▶ TASK ITEM:
Each record must be written out again exactly. Skip any picture it contains.

Collected data

──────

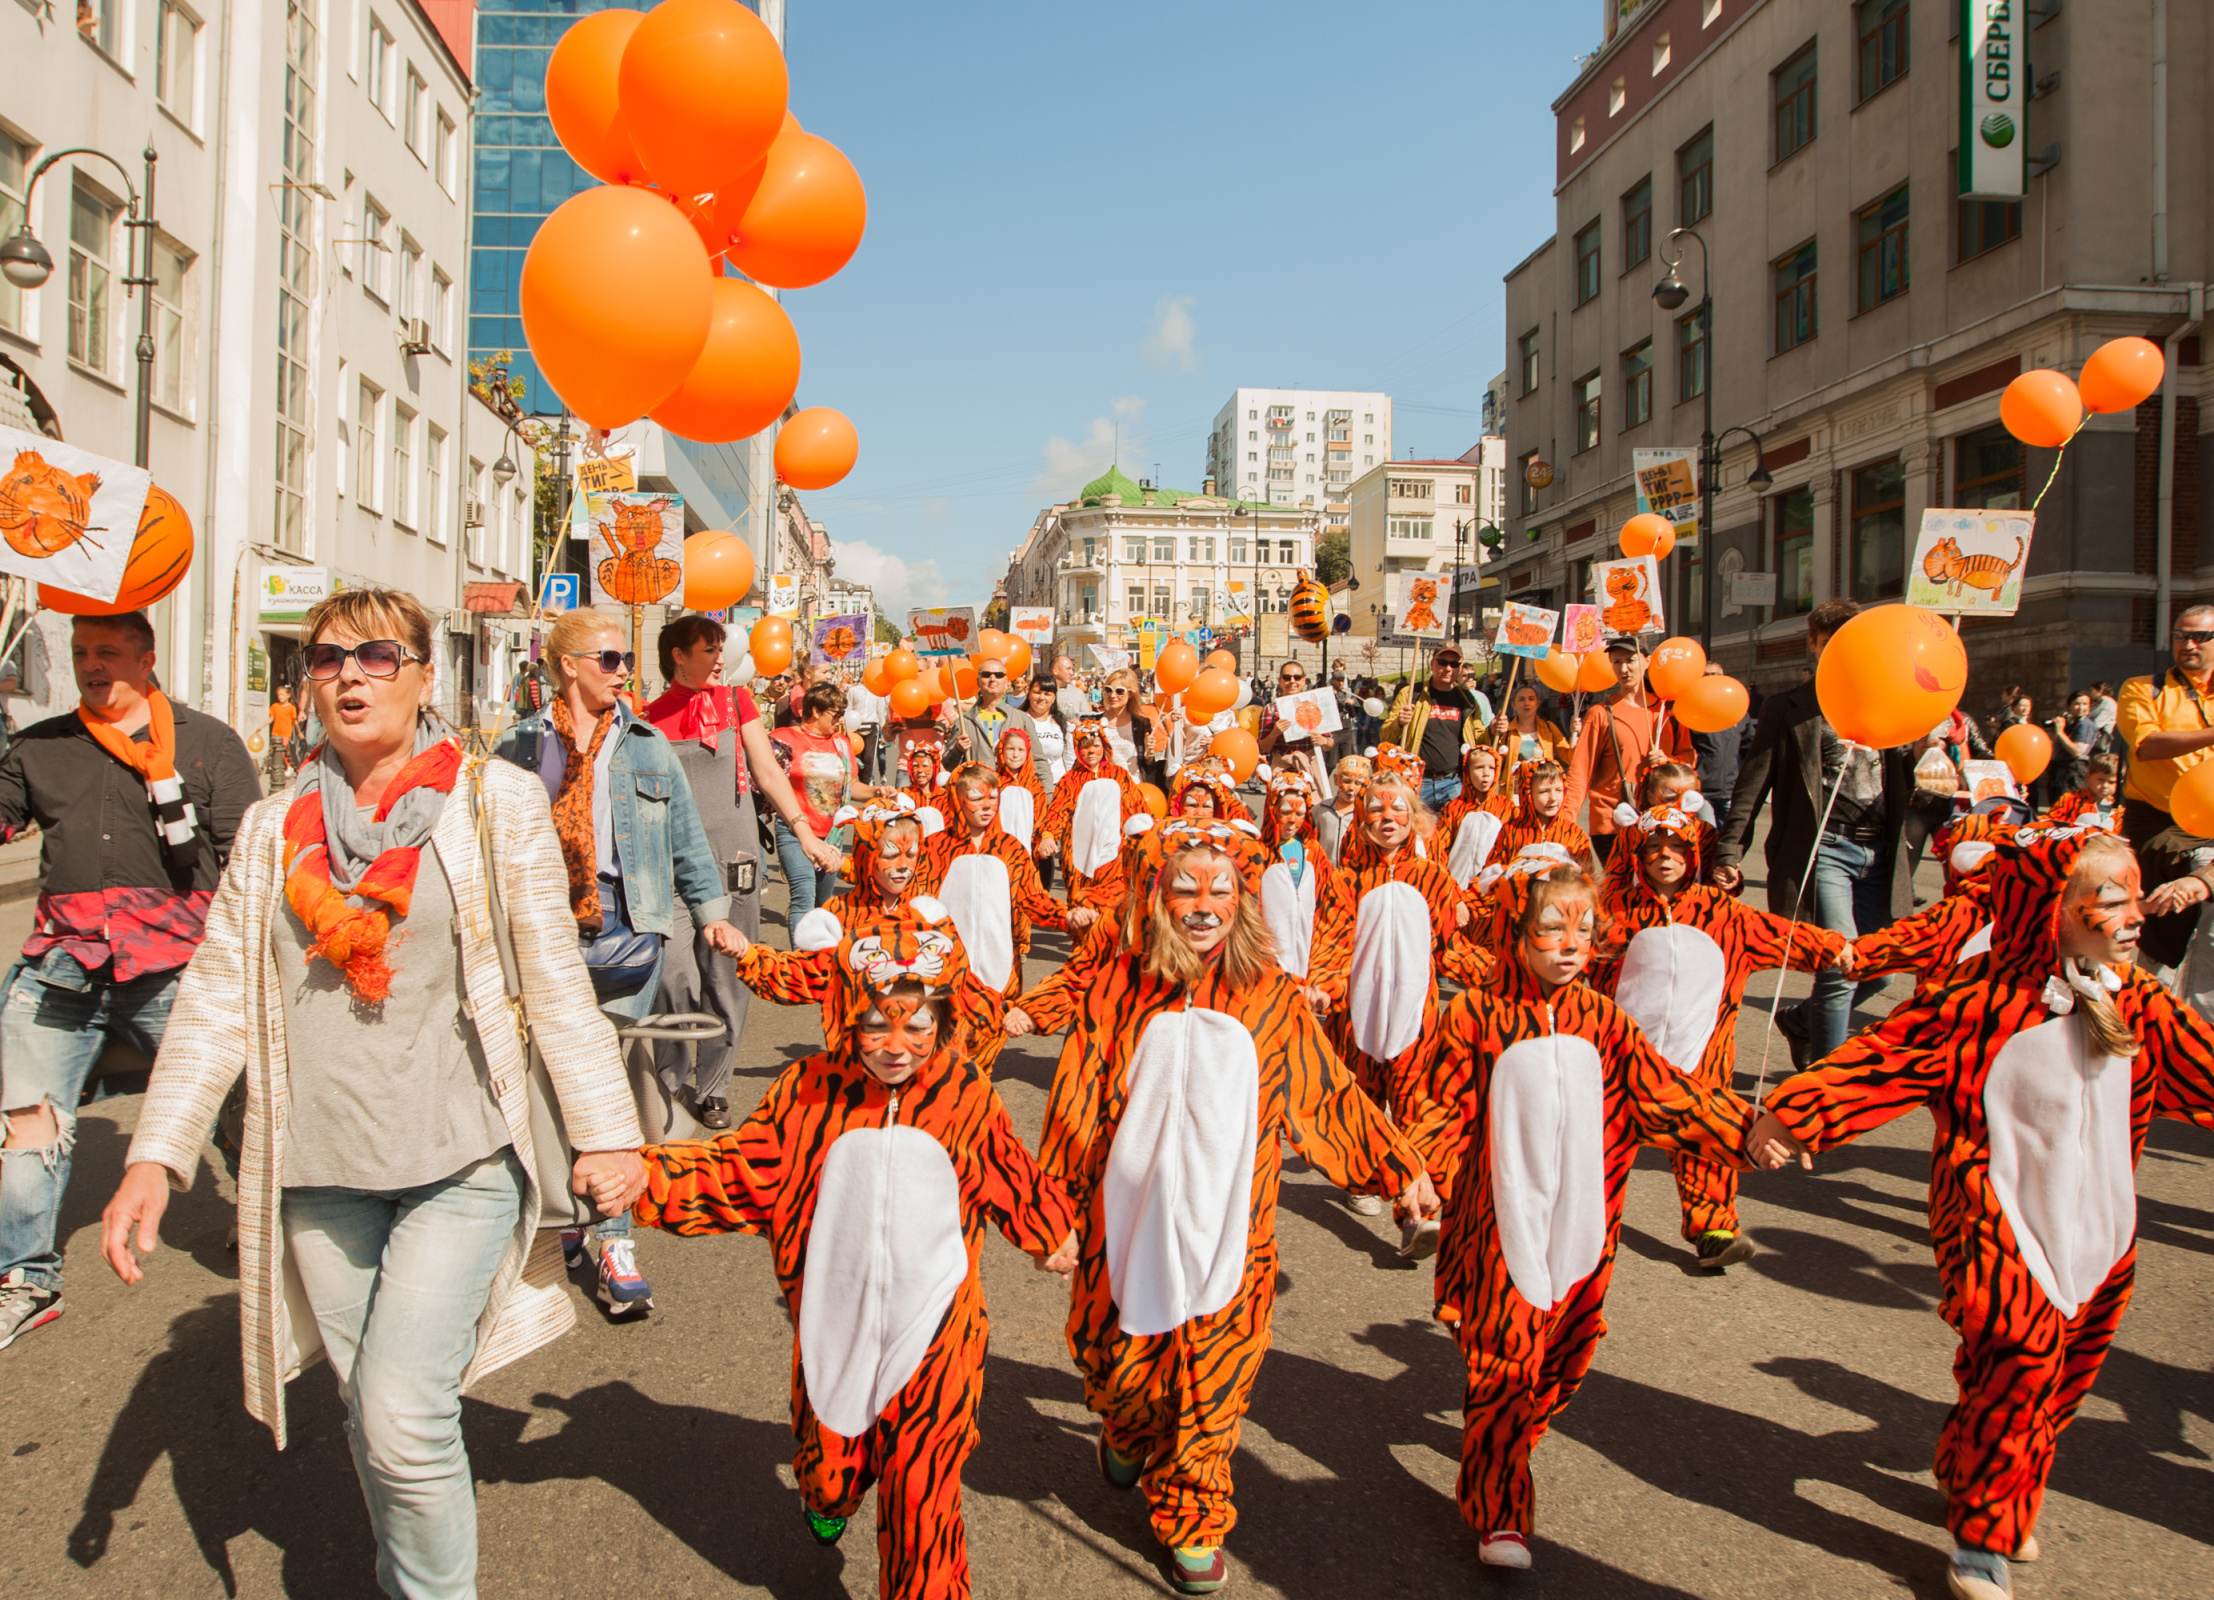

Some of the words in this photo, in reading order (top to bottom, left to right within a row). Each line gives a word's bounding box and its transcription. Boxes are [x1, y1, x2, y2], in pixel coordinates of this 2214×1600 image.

[1986, 0, 2010, 103] СБЕРБ
[580, 461, 608, 476] ДЕНЬ
[1531, 466, 1547, 477] 24
[1641, 469, 1667, 483] ДЕНЬ
[289, 585, 323, 595] КАССА
[551, 578, 571, 606] P
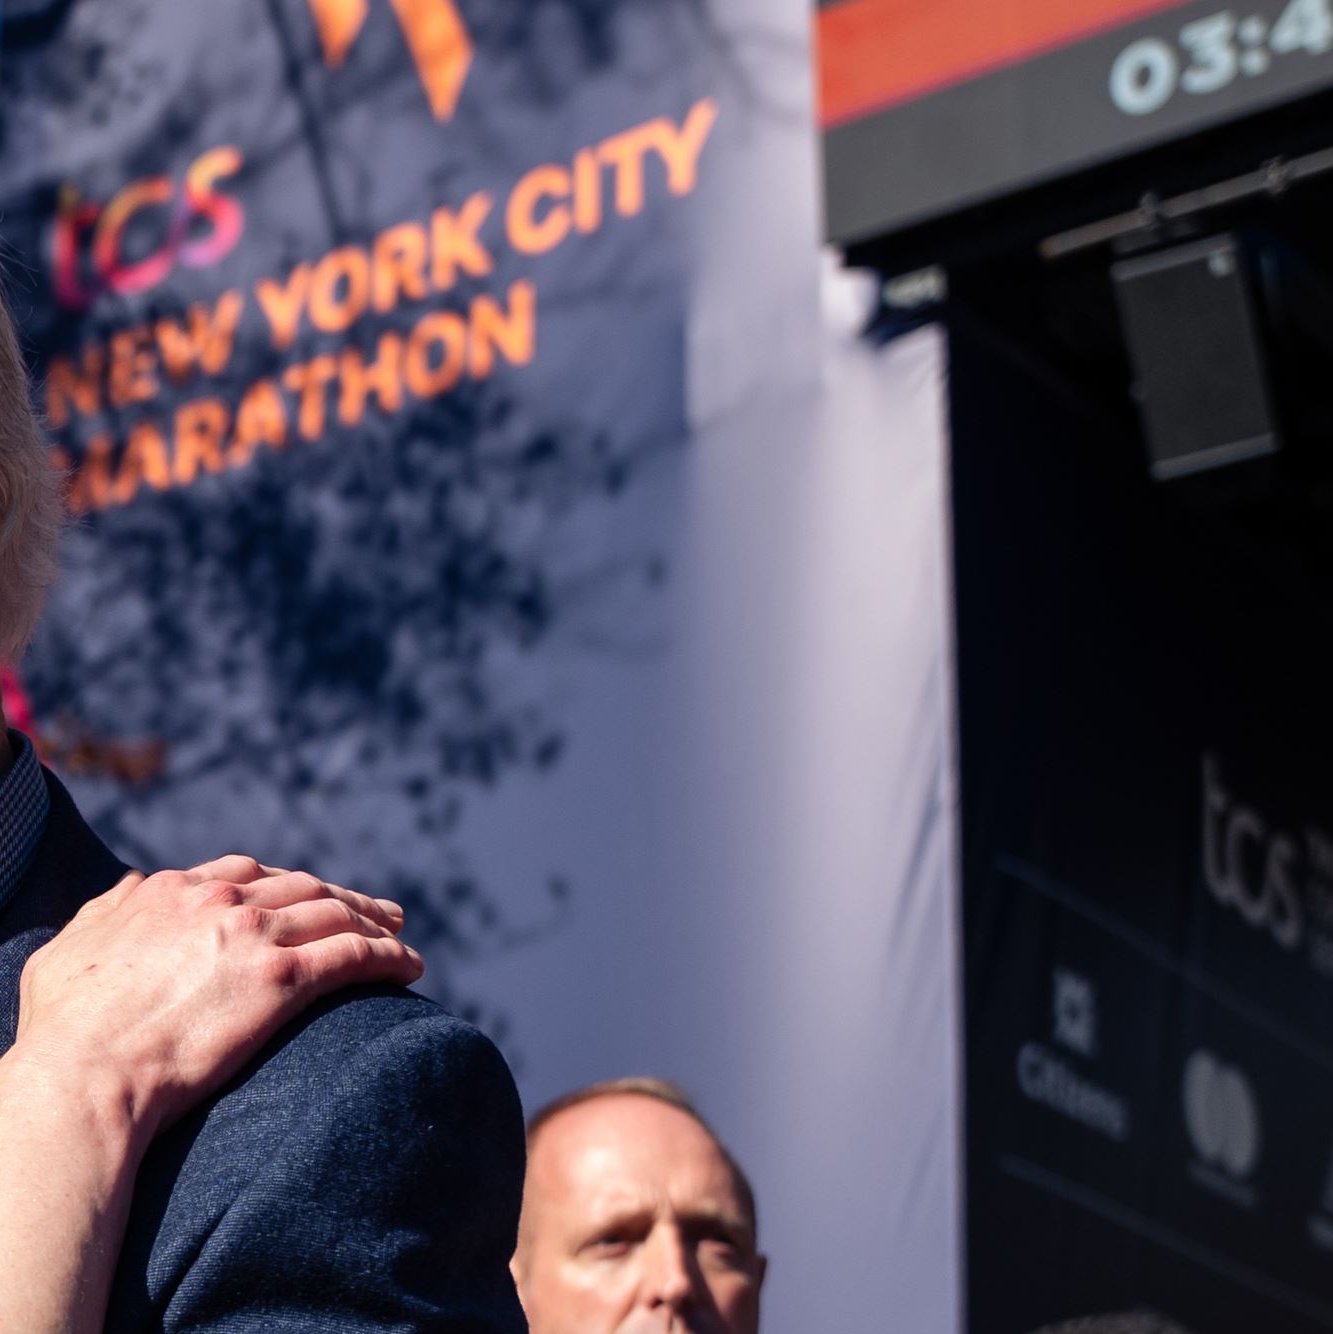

──────

▶ ANSWER FOR THIS EXERCISE:
Some of the words in this photo, in reading order (top to bottom, left to right within a row). Each line gives a word's bounding box and its transcription. Boxes are [x1, y1, x2, y2], in pixel coordinates of this 2214×1600 image.

[1986, 0, 2010, 103] СБЕРБ
[580, 461, 608, 476] ДЕНЬ
[1531, 466, 1547, 477] 24
[1641, 469, 1667, 483] ДЕНЬ
[289, 585, 323, 595] КАССА
[551, 578, 571, 606] P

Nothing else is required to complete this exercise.